Segment Start: Task data

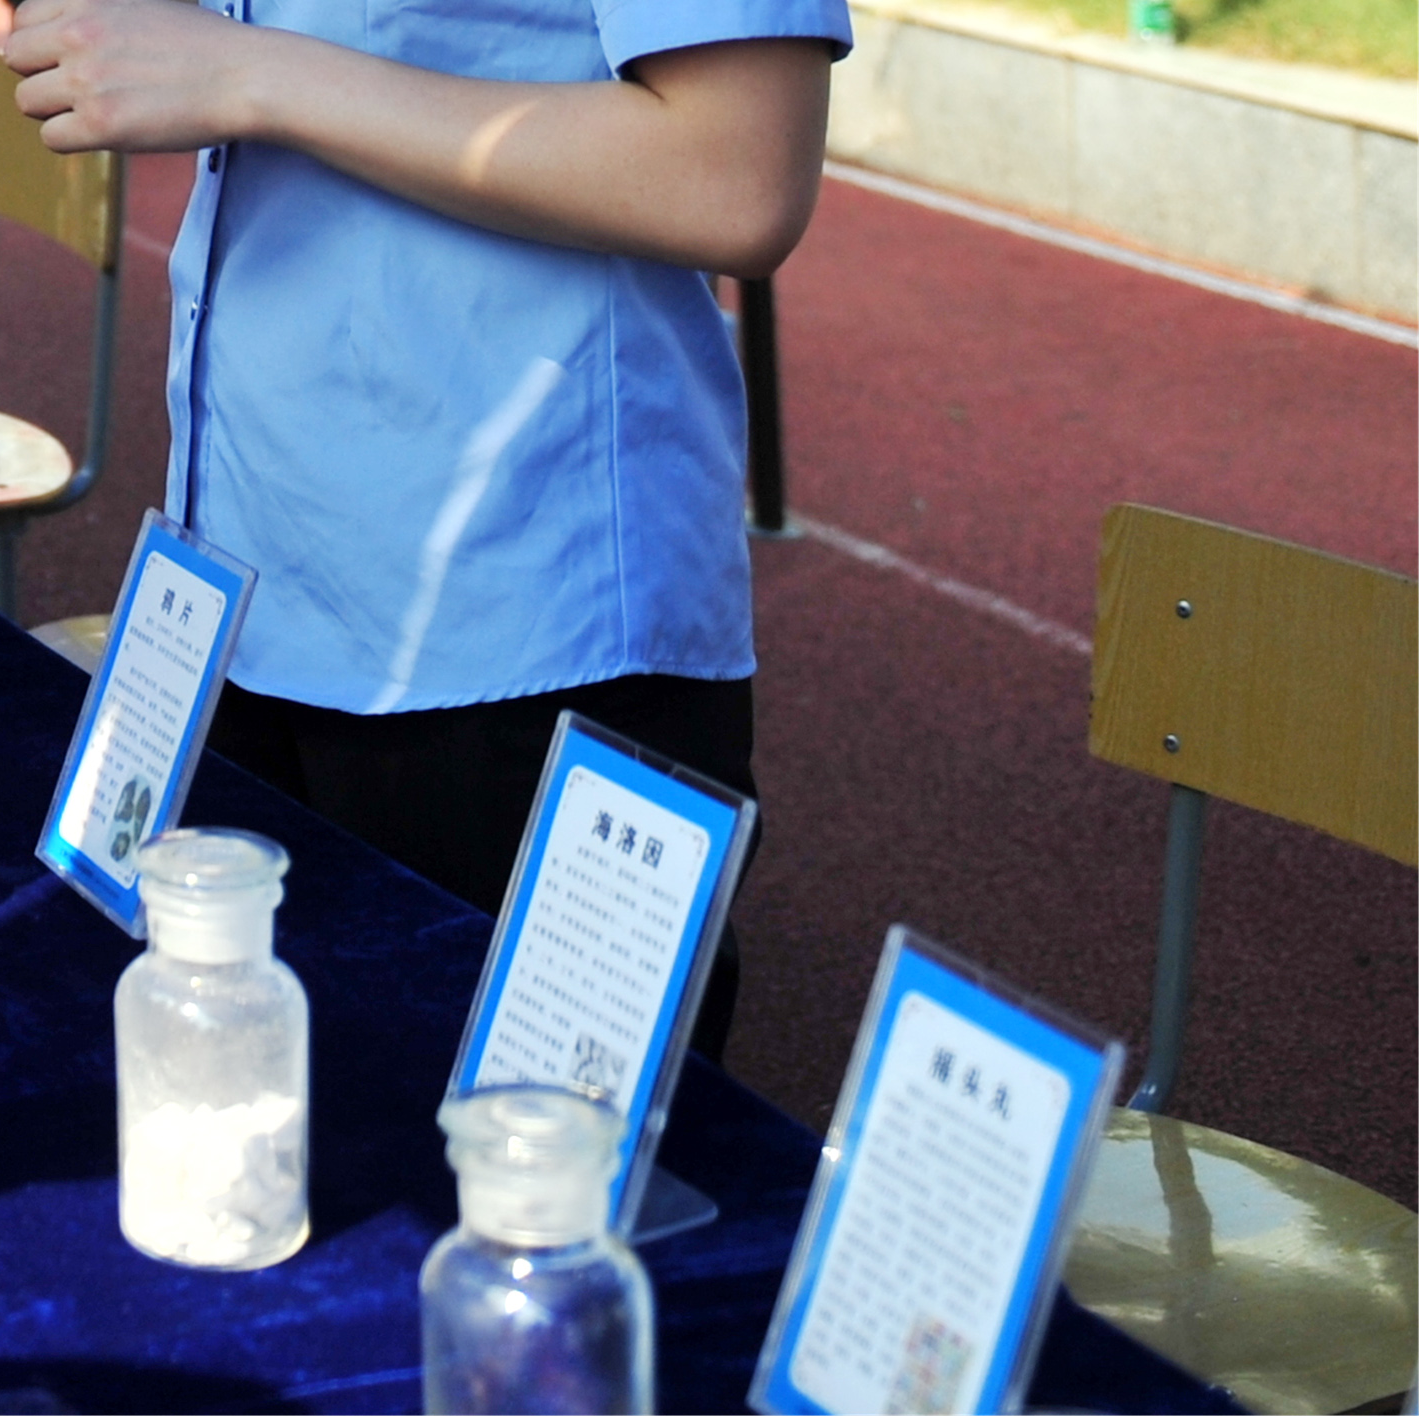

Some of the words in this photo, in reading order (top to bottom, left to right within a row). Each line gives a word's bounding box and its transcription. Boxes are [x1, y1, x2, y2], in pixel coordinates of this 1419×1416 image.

[592, 809, 664, 869] 海洛因
[930, 1046, 1011, 1121] 摇头丸
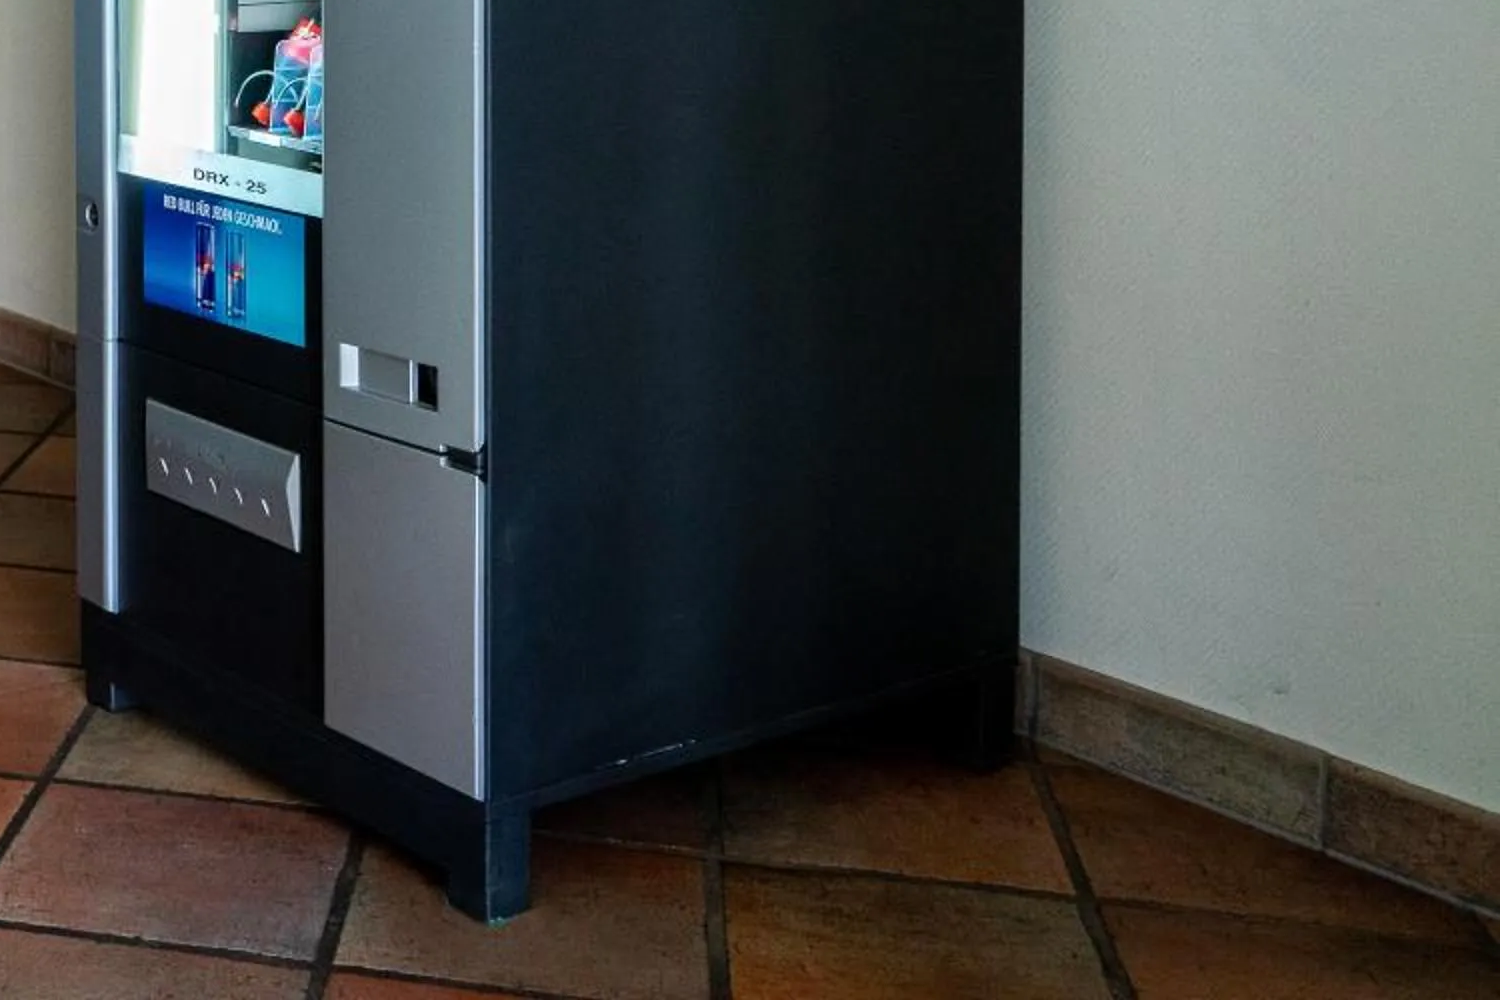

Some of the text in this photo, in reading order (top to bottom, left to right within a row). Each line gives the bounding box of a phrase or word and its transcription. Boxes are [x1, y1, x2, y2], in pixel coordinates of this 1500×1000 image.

[193, 168, 230, 187] DRX
[245, 179, 268, 195] 25
[163, 194, 177, 209] RED
[178, 197, 195, 215] BULL
[196, 199, 211, 218] FÜR
[212, 206, 233, 223] JEDEN

Segment End: Task data

_Work task_. Copy these entries precisely and drop any picture.

_Answer area_.
Some of the words in this photo, in reading order (top to bottom, left to right within a row). Each line gives a word's bounding box and its transcription. Boxes are [x1, y1, x2, y2], in pixel coordinates of this 1419×1416 image.

[592, 809, 664, 869] 海洛因
[930, 1046, 1011, 1121] 摇头丸

Some of the text in this photo, in reading order (top to bottom, left to right within a row). Each line gives the bounding box of a phrase or word and its transcription. Boxes are [x1, y1, x2, y2], in pixel coordinates of this 1500×1000 image.

[193, 168, 230, 187] DRX
[245, 179, 268, 195] 25
[163, 194, 177, 209] RED
[178, 197, 195, 215] BULL
[196, 199, 211, 218] FÜR
[212, 206, 233, 223] JEDEN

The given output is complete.